◆ TASK GOAL
Repeat all the lines below exactly, but omit the pictures.

(Collected data)
▽

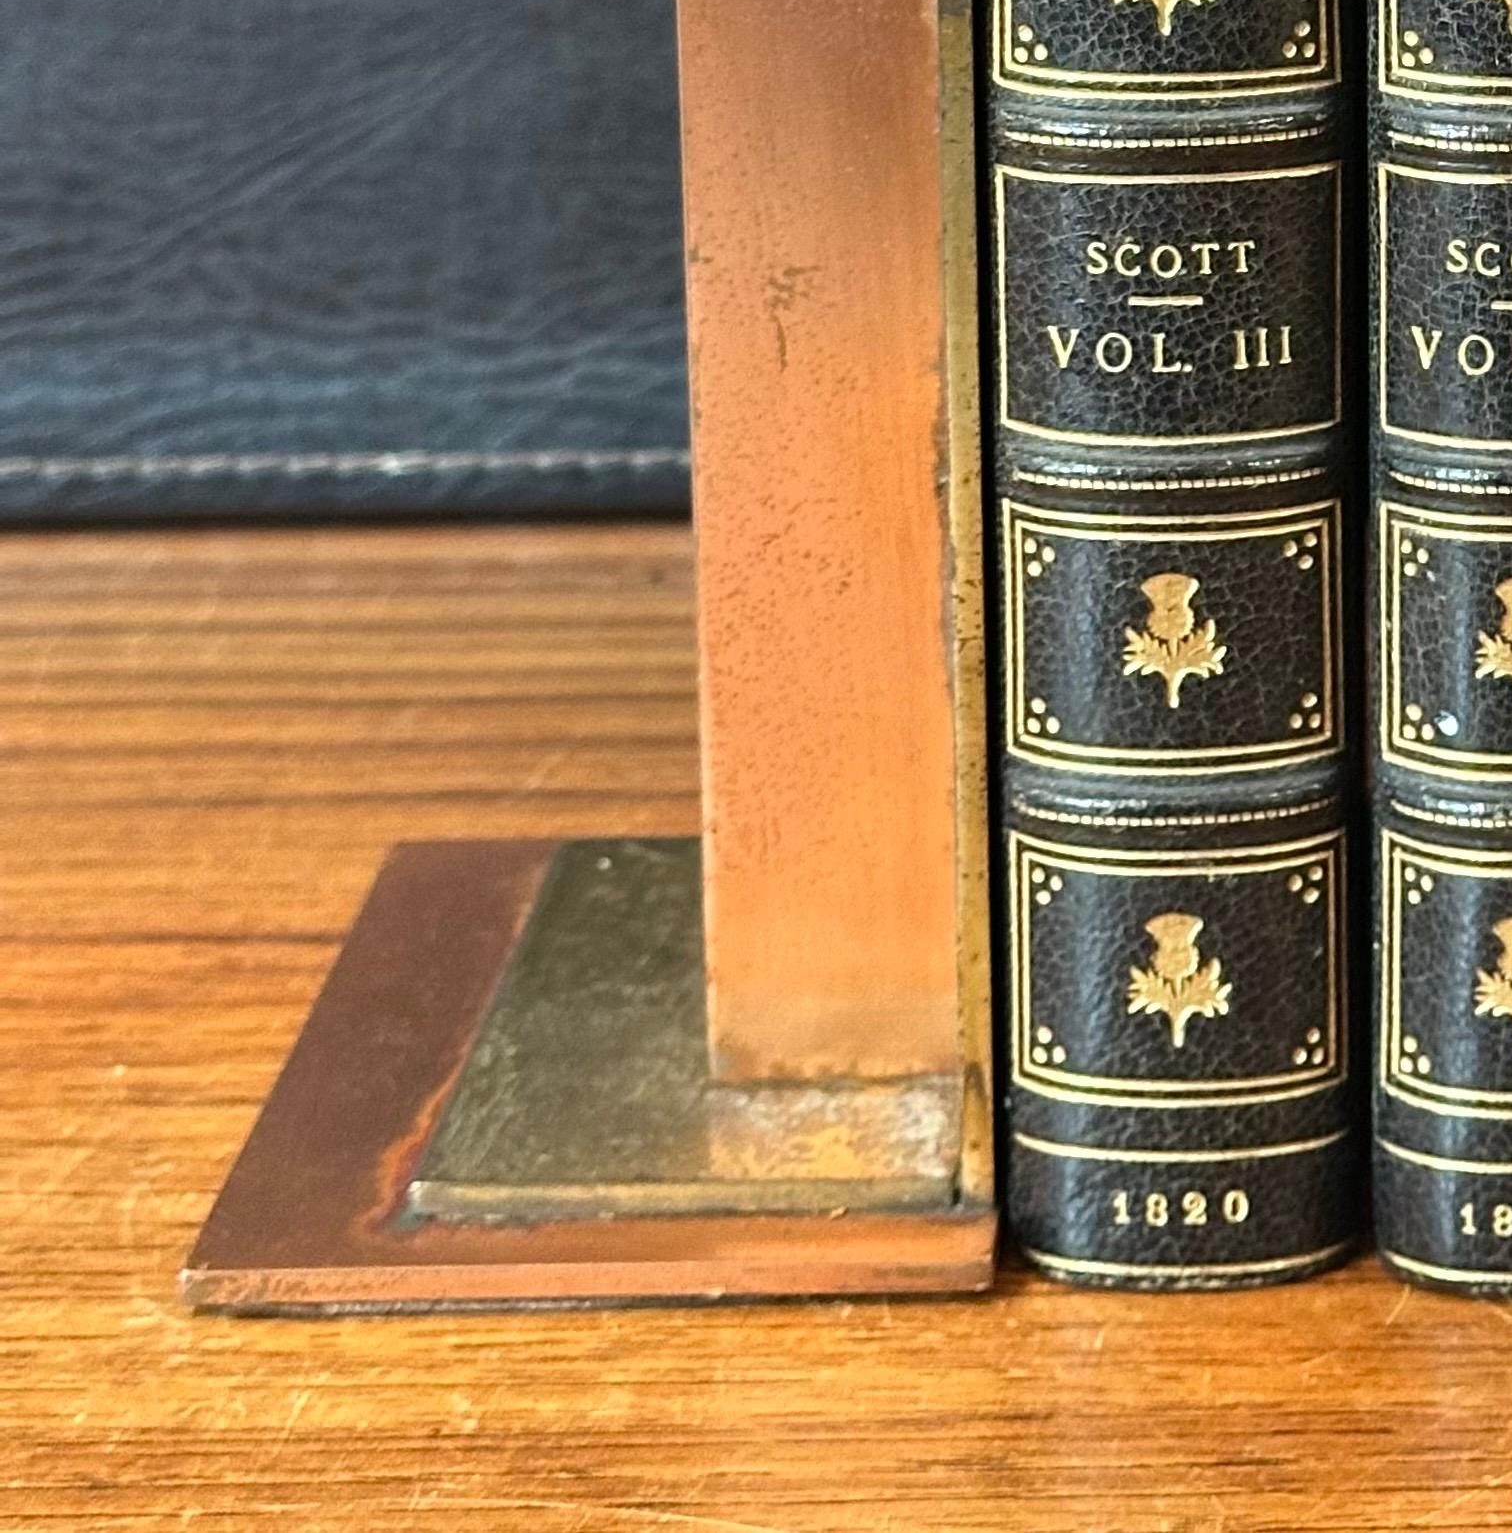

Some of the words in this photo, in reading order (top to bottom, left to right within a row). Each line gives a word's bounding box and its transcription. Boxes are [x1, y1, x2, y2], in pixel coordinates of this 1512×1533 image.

[1086, 240, 1256, 278] SCOTT
[1047, 325, 1193, 374] VOL.
[1233, 326, 1293, 370] III
[1112, 1189, 1250, 1227] 1820

△

◆ YOUR SOLUTION
Some of the words in this photo, in reading order (top to bottom, left to right within a row). Each line gives a word's bounding box and its transcription. Boxes are [x1, y1, x2, y2], in pixel coordinates of this 1512×1533 image.

[1086, 240, 1256, 278] SCOTT
[1047, 325, 1193, 374] VOL.
[1233, 326, 1293, 370] III
[1112, 1189, 1250, 1227] 1820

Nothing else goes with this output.